A View from the Pew

Last week I asked a person from my congregation to be a ghost writer on my blog. I assured them I would not tell who they were. When they asked what I wanted them to write about I told them that I’d love to know from someone who sits in the pew, “What do you feel are 3 things we are doing really well and what 3 things are we really struggling with.” I wasn’t afraid of the constructive criticism because I think we regularly need to ask questions like these. By far the WORST things churches/people can do is focus only on their strengths without trying to improve in their weak areas.

When I received the article for this post, there weren’t any surprises. Things I knew we were struggling with, they noticed too. What I did need to see was the shortcomings from their perspective. Our goal here is to keep doing what we’re doing in the strong areas and find new ways to address the areas in which we struggle.

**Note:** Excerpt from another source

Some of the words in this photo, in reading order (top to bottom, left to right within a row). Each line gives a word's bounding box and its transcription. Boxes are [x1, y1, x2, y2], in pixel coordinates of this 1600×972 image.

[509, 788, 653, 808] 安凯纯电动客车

Here’s what they had to say …


I’m writing to share a list of six observations from the perspective of an ordinary member of our local church: three of them are compliments and three are opportunities.

What we are doing well:

  1. We’ve always done a good job of ministering to those within our congregation, but I’m proud of what I view as movement toward service to a broader community.  When we recognize need and respond to it, we are imitating Jesus.
  2. We are generous, and our contributions are being used well.  I know of more than 10 missionaries our small congregation has supported in the last 2 years, and I know God is pleased to see it.
  3. We value kids.  There are children eruptions: before, during and certainly after every service.  We include teenagers in our public worship, and I’m proud of their participation.  Churches that struggle to find young families and plug-in their youth are an endangered species…I’m glad I feel like an old guy at church.

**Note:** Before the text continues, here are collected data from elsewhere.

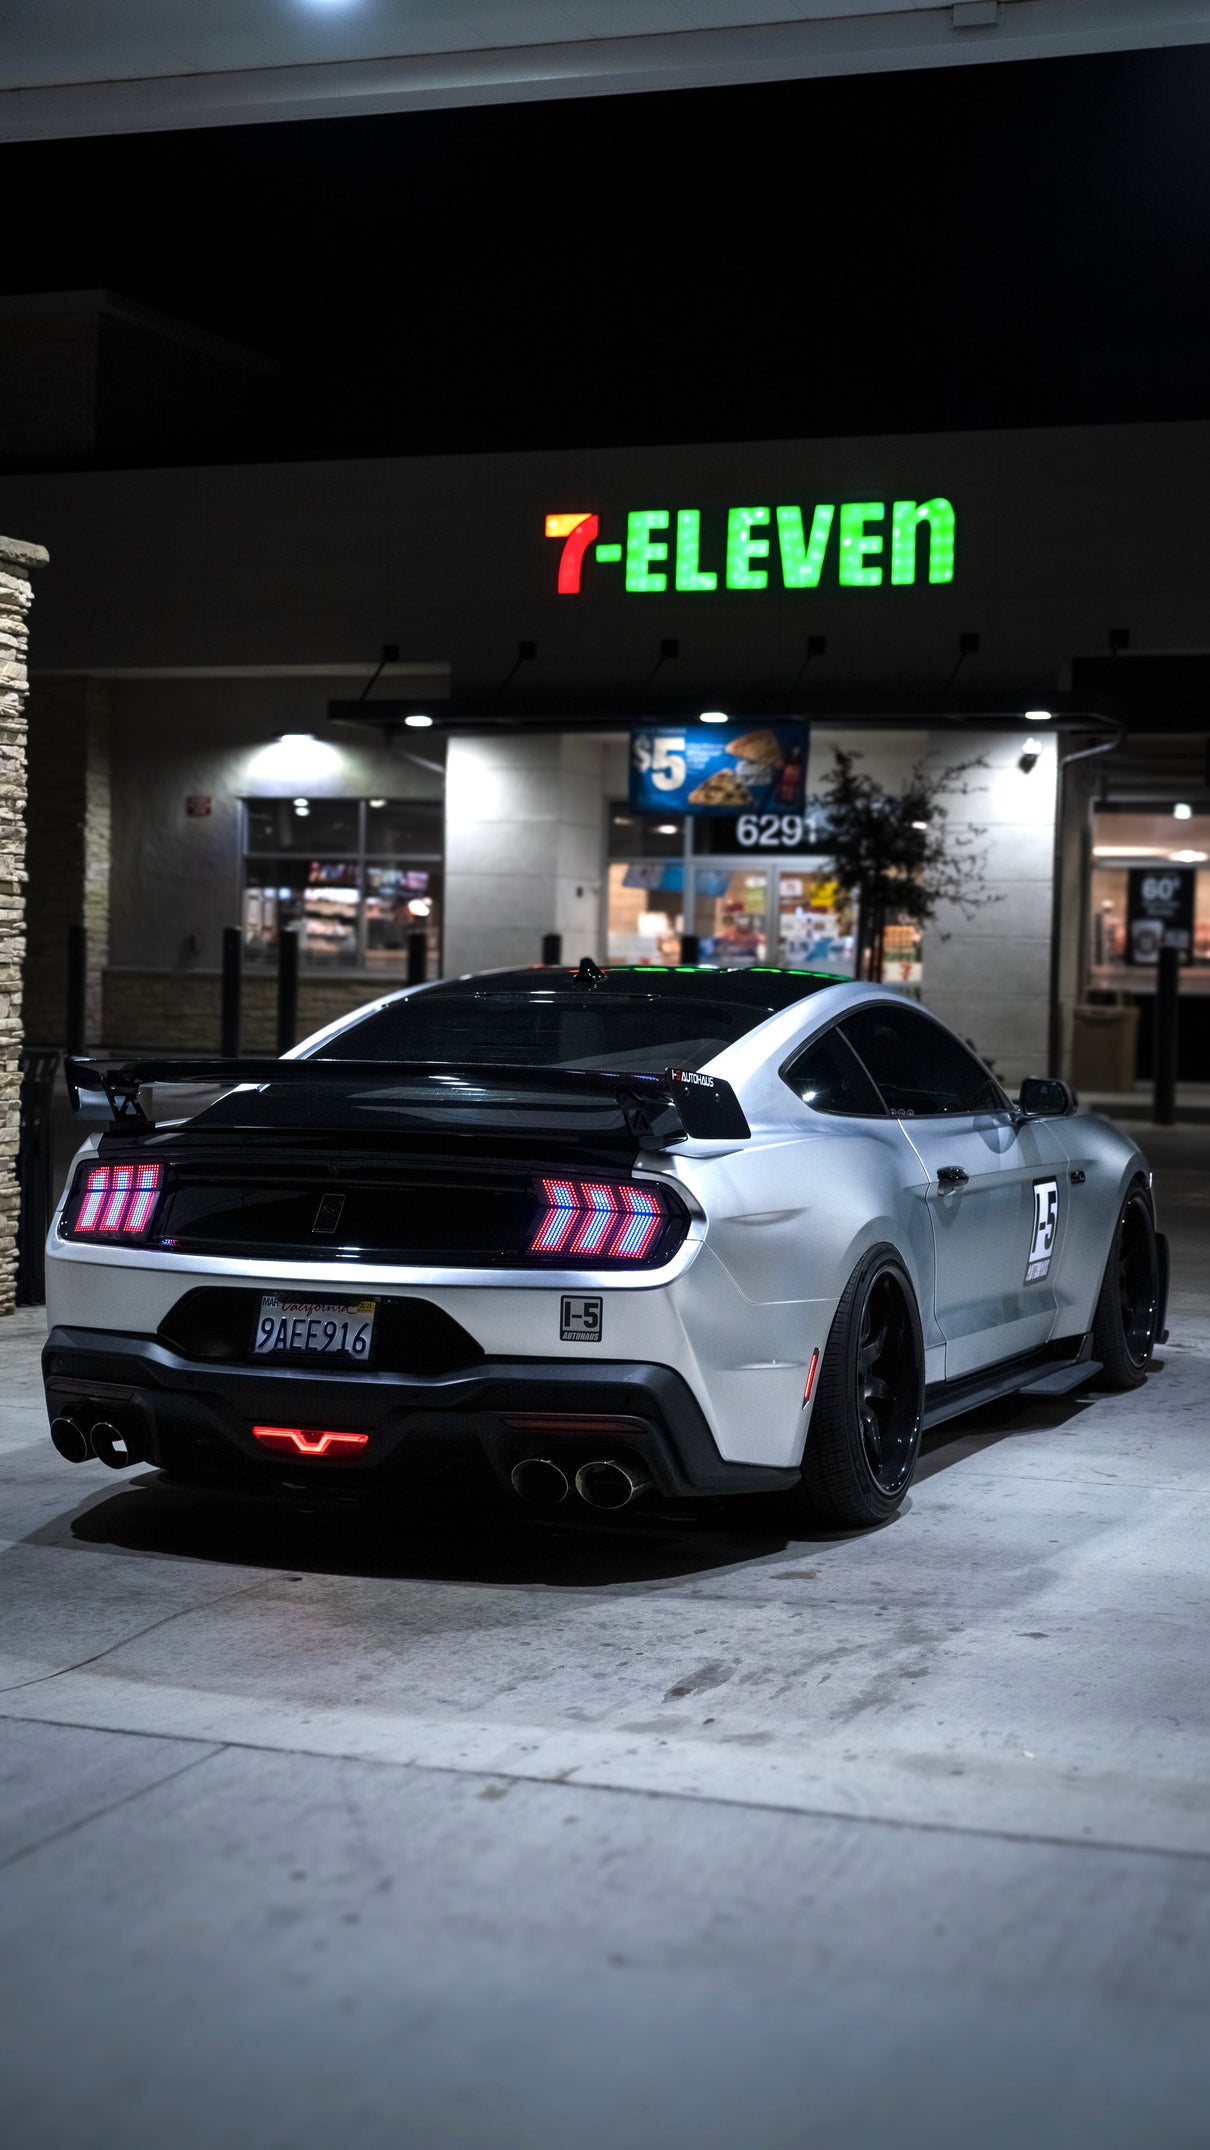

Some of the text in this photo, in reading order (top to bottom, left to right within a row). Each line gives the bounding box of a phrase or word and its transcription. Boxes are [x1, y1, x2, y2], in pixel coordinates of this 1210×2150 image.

[545, 497, 955, 594] 7-ELEVEn
[634, 735, 686, 791] $5
[681, 1071, 714, 1087] AUTOHAUS
[1031, 1190, 1056, 1252] I-5
[564, 1301, 599, 1328] I-5
[257, 1317, 369, 1354] 9AEE916
[562, 1331, 599, 1340] AUTOHAUS
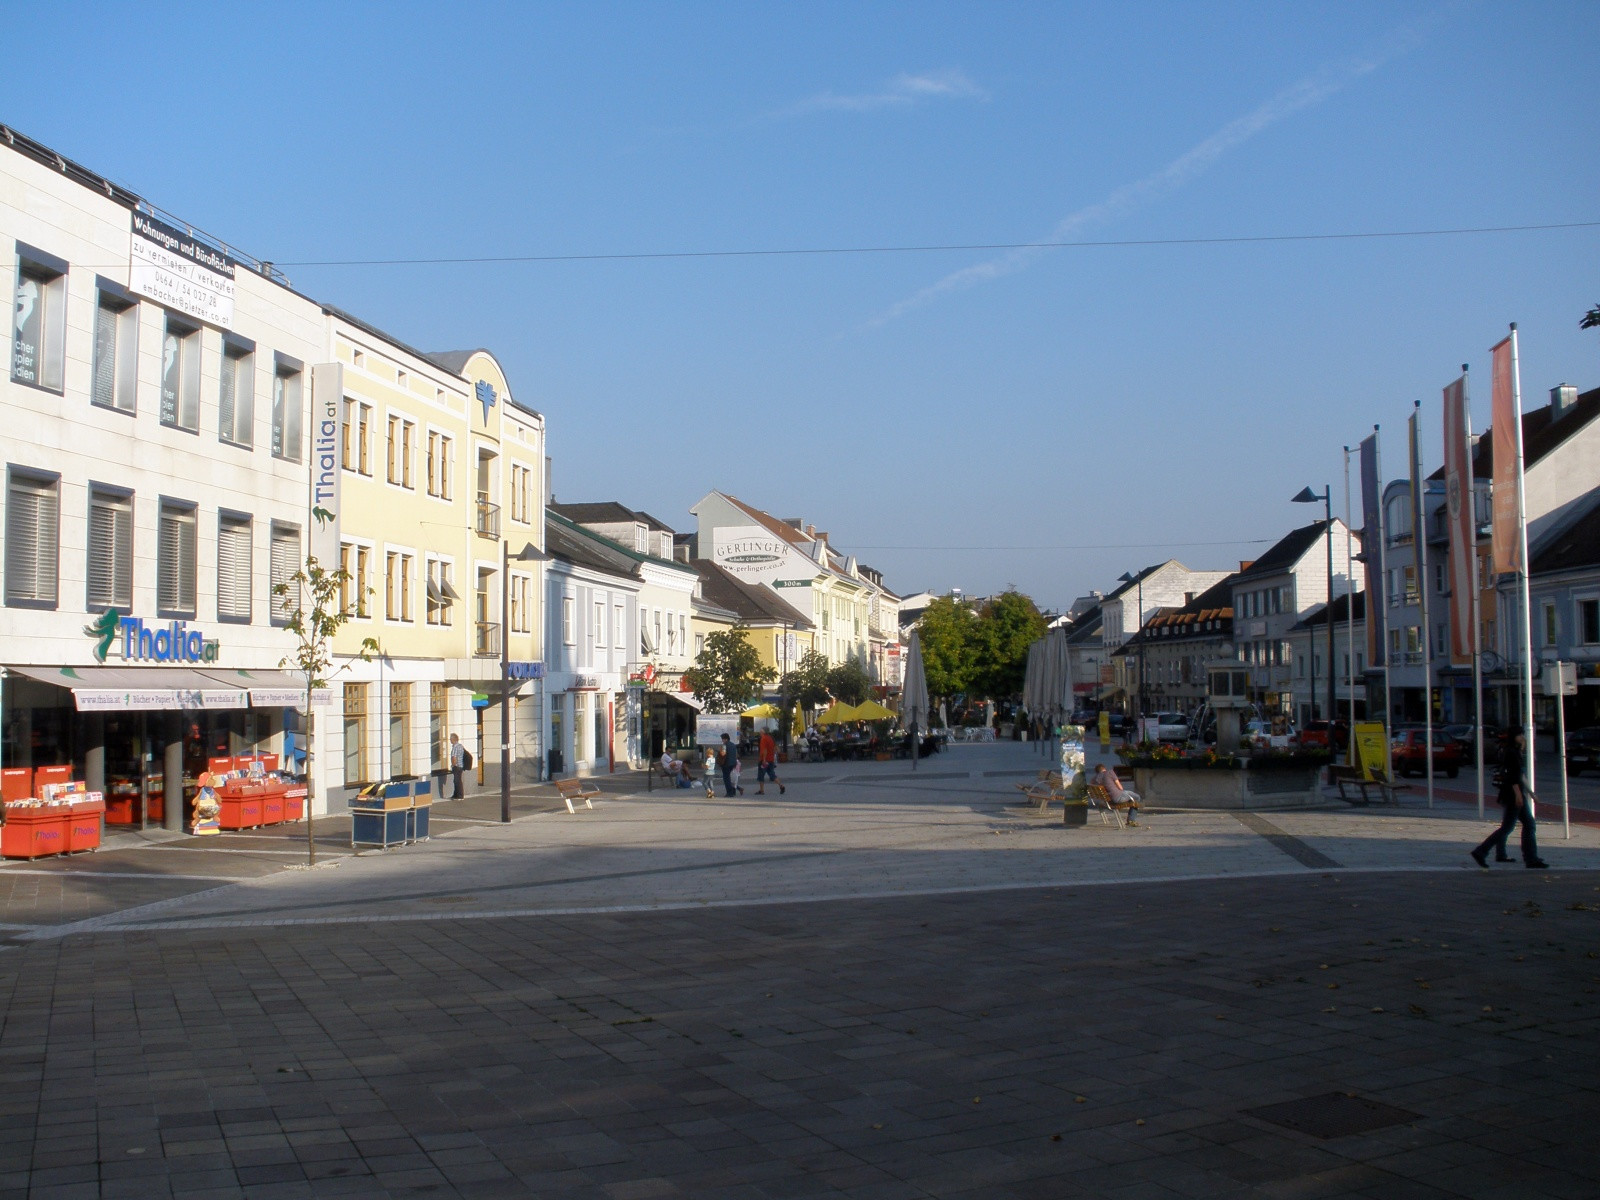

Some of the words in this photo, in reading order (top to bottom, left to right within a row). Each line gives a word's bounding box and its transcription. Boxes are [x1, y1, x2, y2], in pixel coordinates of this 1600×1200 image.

[134, 215, 179, 249] Wohnungen
[181, 243, 194, 257] und
[196, 247, 235, 276] Büroflächen
[134, 242, 144, 253] zu
[147, 250, 187, 274] vermieten
[182, 284, 191, 297] 54
[717, 542, 788, 556] GERLINGER

What we still struggle with:

  1. Although we try very hard to be welcoming, our church still isn’t a reflection of our community…we are generally upper-middle class white folks.  Good people, but not necessarily representative of our town.  People are generally most comfortable with people who look and act in similar ways, but our congregation has to figure out how to overcome our tendency toward familiarity.
  2. We sometimes don’t allow people to work through their problems, and mistakenly think church is a gathering of people who have things sorted out.  The church in Corinth included troubled members.  Paul calls them Christians, and encourages them to practice their faith while growing in it.  We could do more of that.
  3. Christians are generally conservative, and there’s certainly nothing wrong with that.  But there is a tension between the conservative value of personal responsibility and Jesus’ example of unconditional self-sacrifice.   How do you think Jesus feels when he sees us miss opportunities because we don’t believe others have earned our help?  I’m glad his grace isn’t something I have to earn.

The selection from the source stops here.